The woman behind this line is a Los Angeles–based aesthetician who owns her own clinic, which specializes not only in aesthetic services but also in cosmetic corrective procedures involving injections (dermal fillers), lasers, Botox, and the like. The clinic is staffed with a doctor and nurses, which is definitely what you want if you're considering services beyond a facial or a massage.
The selling points of this line are Somerville's years of experience in the aesthetics industry and her allegedly devoted celebrity clientele. As such, her products and famous clientele get press in the pages of fashion magazines, which explains why we routinely get asked about this skin-care line. Somerville herself is every bit as attractive as her star clients, and the information on her Web site is presented in such a way that you sincerely believe she has your skin's best interests in mind. And wouldn't you want to trust your skin's needs to a professional who also tends to celebrities?
Knowing all these details, we were anticipating that most of the products bearing Somerville's name would be state-of-the-art slam dunks. Alas, many of them are far afield from that level of formulation. When it comes to giving skin what it needs to function as healthily and normally as possible (and, at these prices, that's what you should expect), this line is, unfortunately, hit or miss. What Somerville knows about giving an amazing facial is one thing, but she clearly missed the research that proves how problematic several of the plant oils that she uses can be. A professional concerned with the health of her clients' skin shouldn't be formulating products with cinnamon, grapefruit, and lavender oils, among others.

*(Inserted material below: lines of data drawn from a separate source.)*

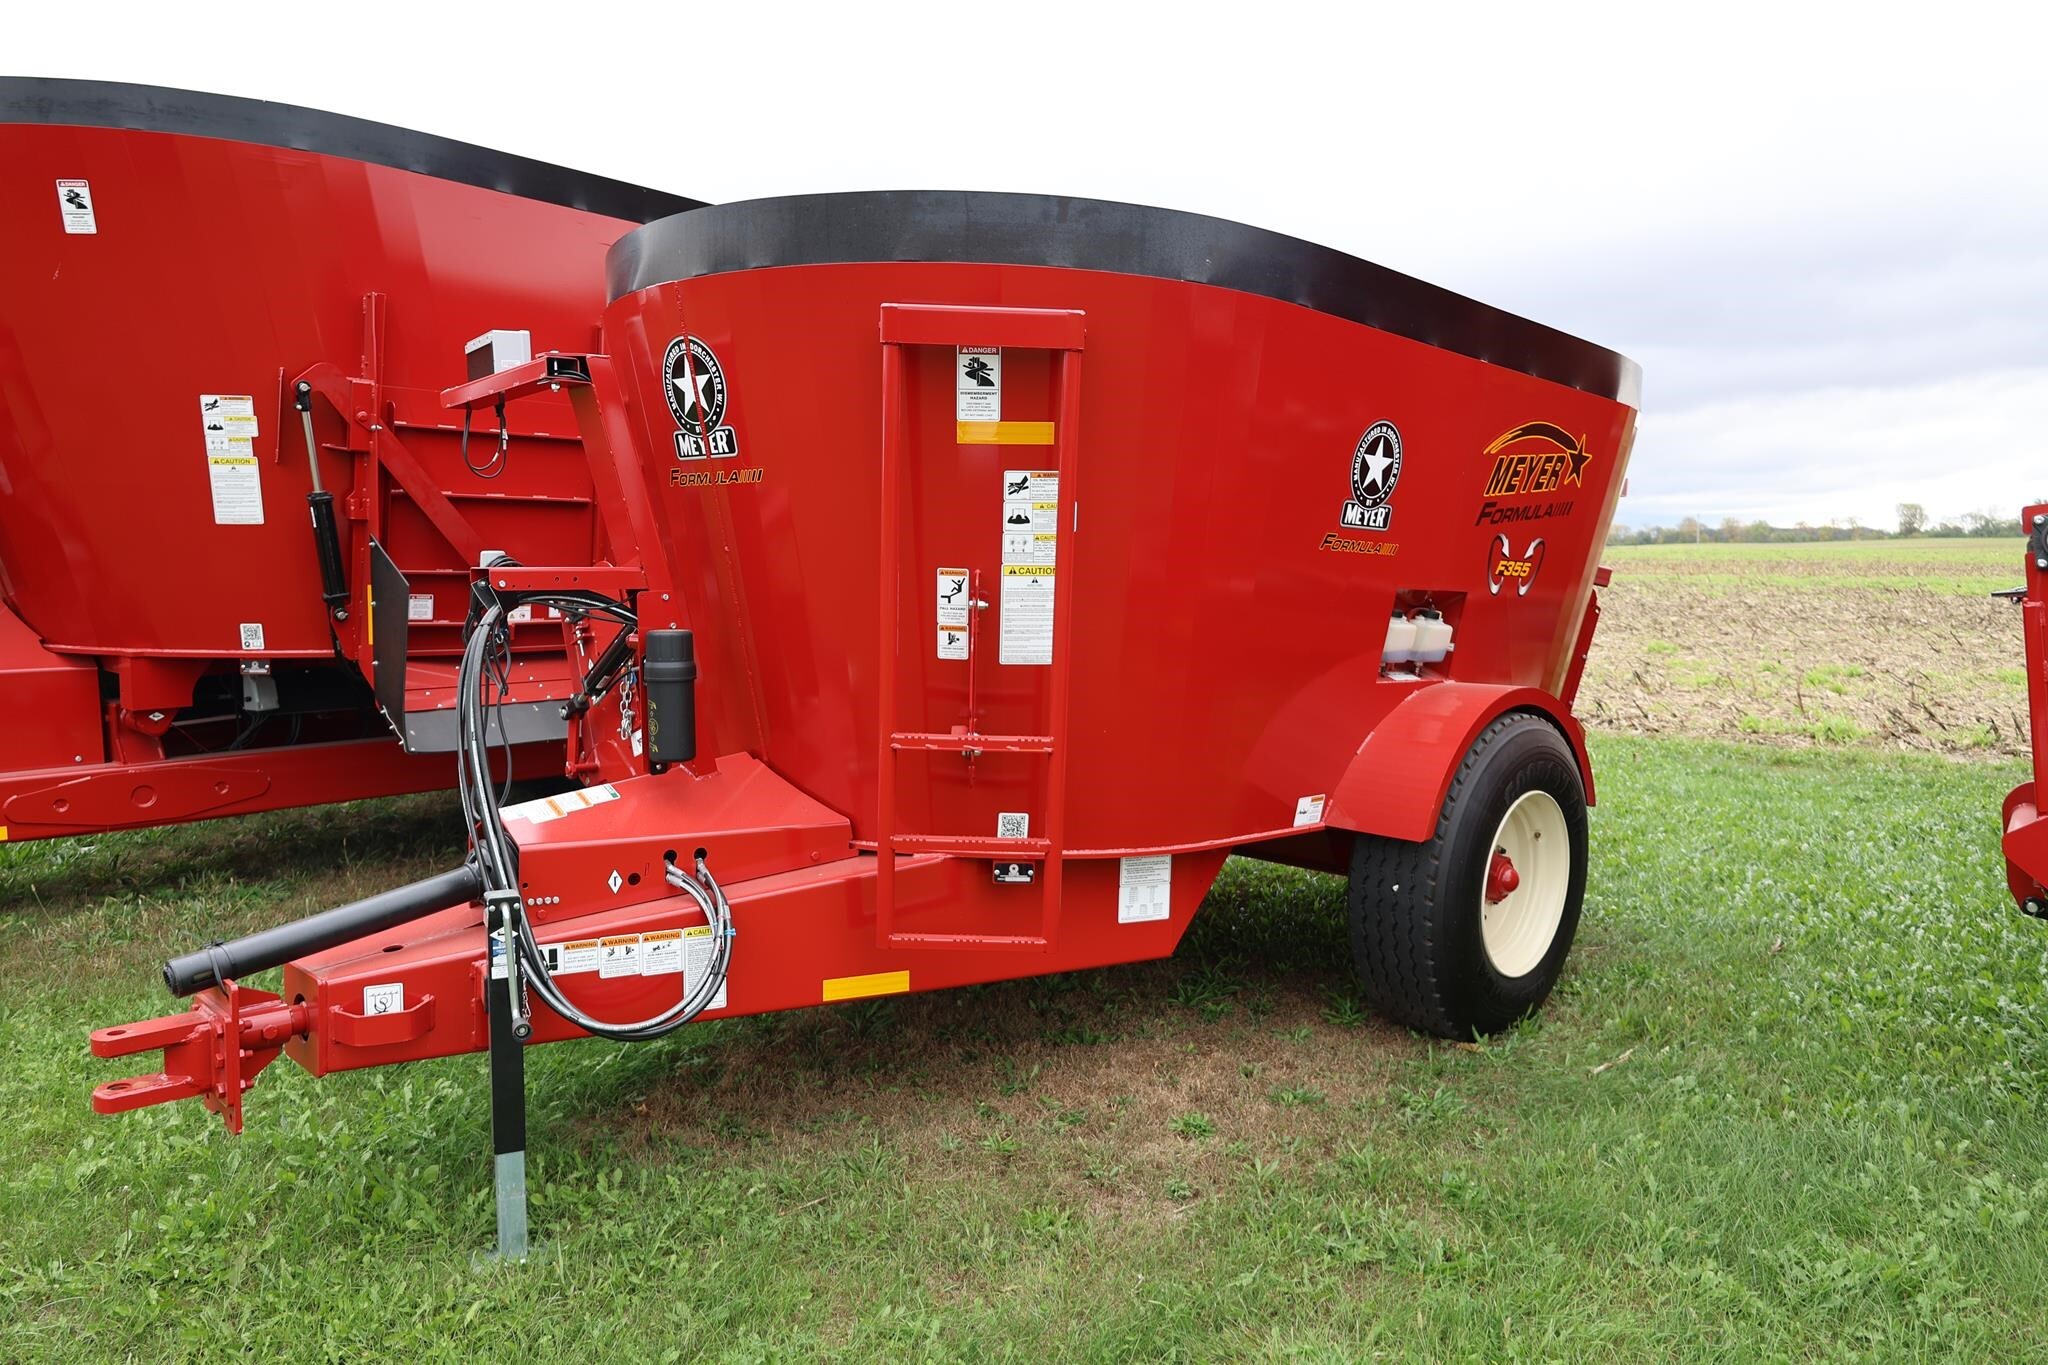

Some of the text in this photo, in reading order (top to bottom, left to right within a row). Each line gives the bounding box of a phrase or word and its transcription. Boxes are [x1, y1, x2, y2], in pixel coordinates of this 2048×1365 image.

[677, 430, 730, 457] MEYER
[1484, 453, 1567, 497] MEYER
[1344, 503, 1387, 528] MEYER
[1495, 560, 1532, 577] F355
[607, 936, 639, 946] WARNING
[650, 931, 680, 941] WARNING
[570, 941, 597, 949] WARNING

If we were one of Somerville's clients, we'd certainly take her to task for that oversight, but we'd also want to know why she offers only one sunscreen and doesn't offer any effective AHA or BHA exfoliants. A discussion of advanced skin science and state-of-the-art ingredients is not sufficient if your product line has gaps: limited sun protection options, no reliable exfoliants, no non-drying cleansers, and a complete lack of options to treat skin discolorations (pigment irregularities, unlike blackheads, cannot be manually extracted, which makes the absence of a skin lightening product an issue).

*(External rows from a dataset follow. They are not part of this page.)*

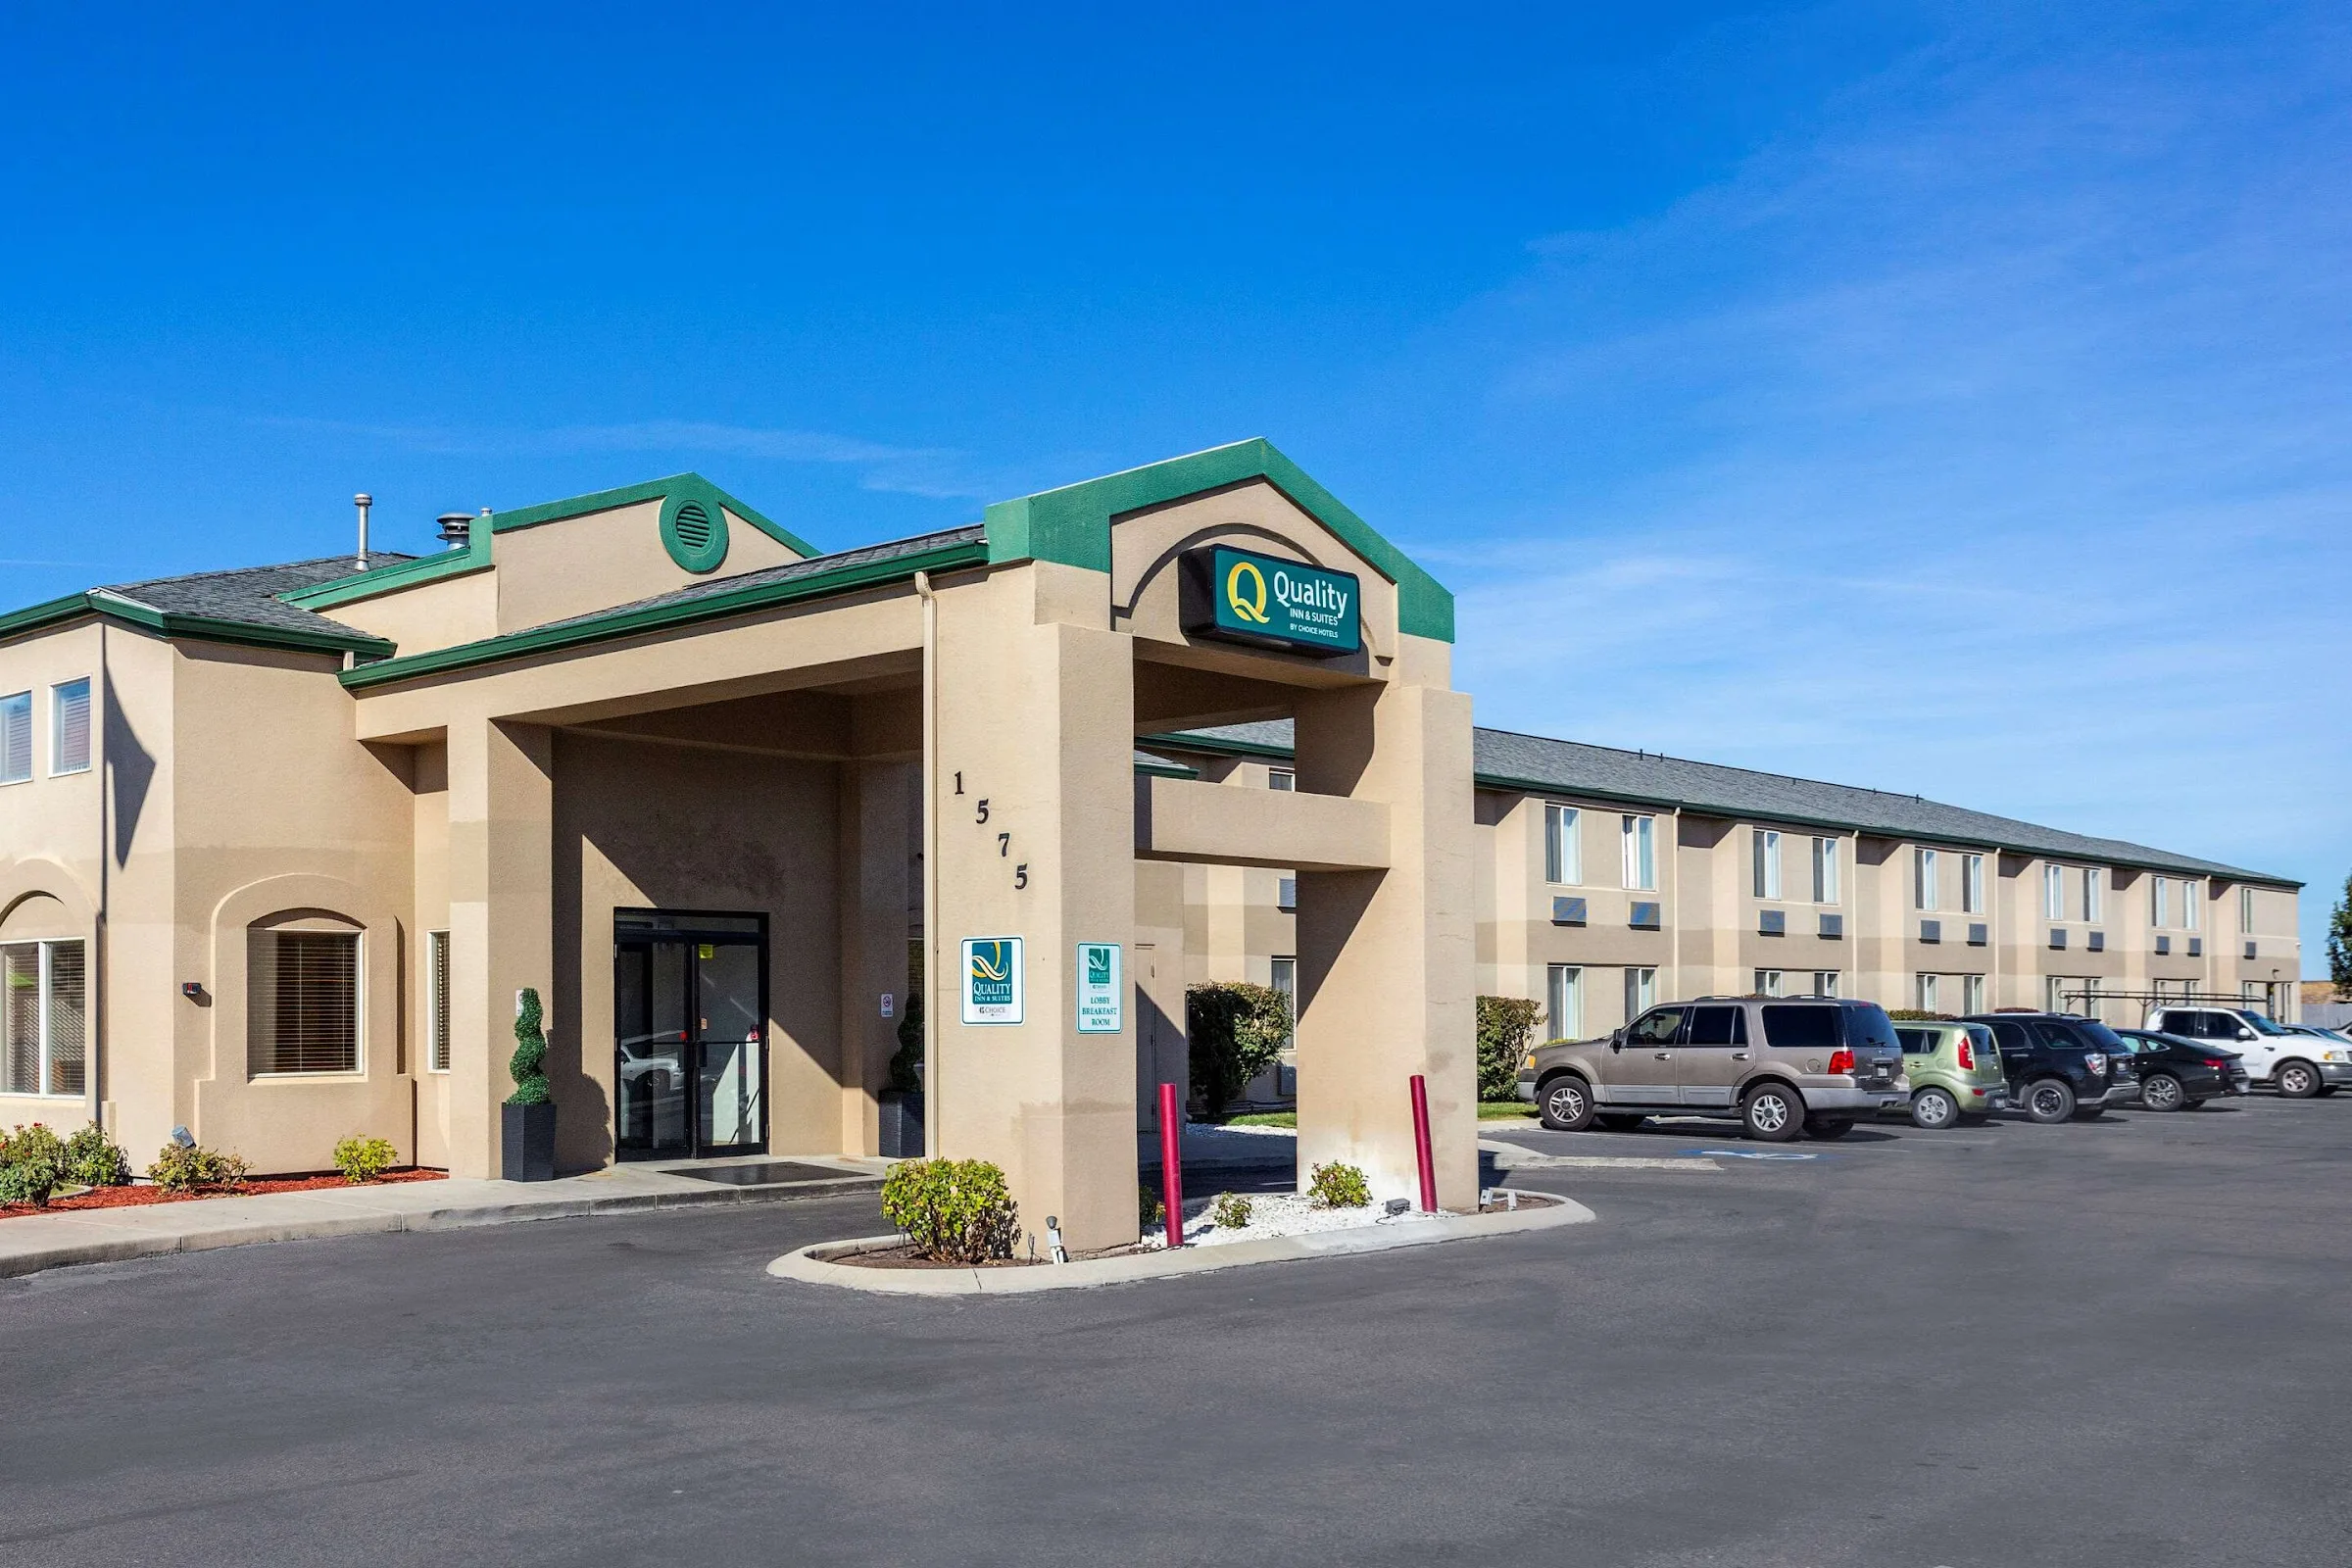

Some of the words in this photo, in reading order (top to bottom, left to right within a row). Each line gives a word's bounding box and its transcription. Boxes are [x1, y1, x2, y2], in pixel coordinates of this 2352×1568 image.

[1227, 562, 1270, 623] Q
[1274, 570, 1348, 619] Quality
[1290, 608, 1304, 619] INN
[1304, 610, 1311, 621] &
[1311, 612, 1339, 626] SUITES
[1290, 622, 1298, 631] BY
[1298, 624, 1318, 635] CHOICE
[1318, 628, 1339, 639] HOTELS
[973, 981, 1011, 996] QUALITY

This product line may not be the one you want to build your skin-care routine around, but there are some exceptional products. Of all the aesthetician-backed lines we've reviewed, none come as close to providing the level of formulary excellence of many of Somerville's moisturizers and serums. They're pricey, but if you're going to spend in excess for skin-care products, you should be doing so on products that stand a very good chance of markedly improving your skin’s appearance. We are curious to see how this product line will expand and (hopefully) improve over the years. The current mishmash of awesome and awful products makes it risky to shop this line blindly (or on the sole rationale of a celebrity endorsement), but with careful consideration to avoid irritants you can find some products of value. Hopefully, she will expand the line to fill in the current gaps (especially for sun protection) and eliminate the irritants.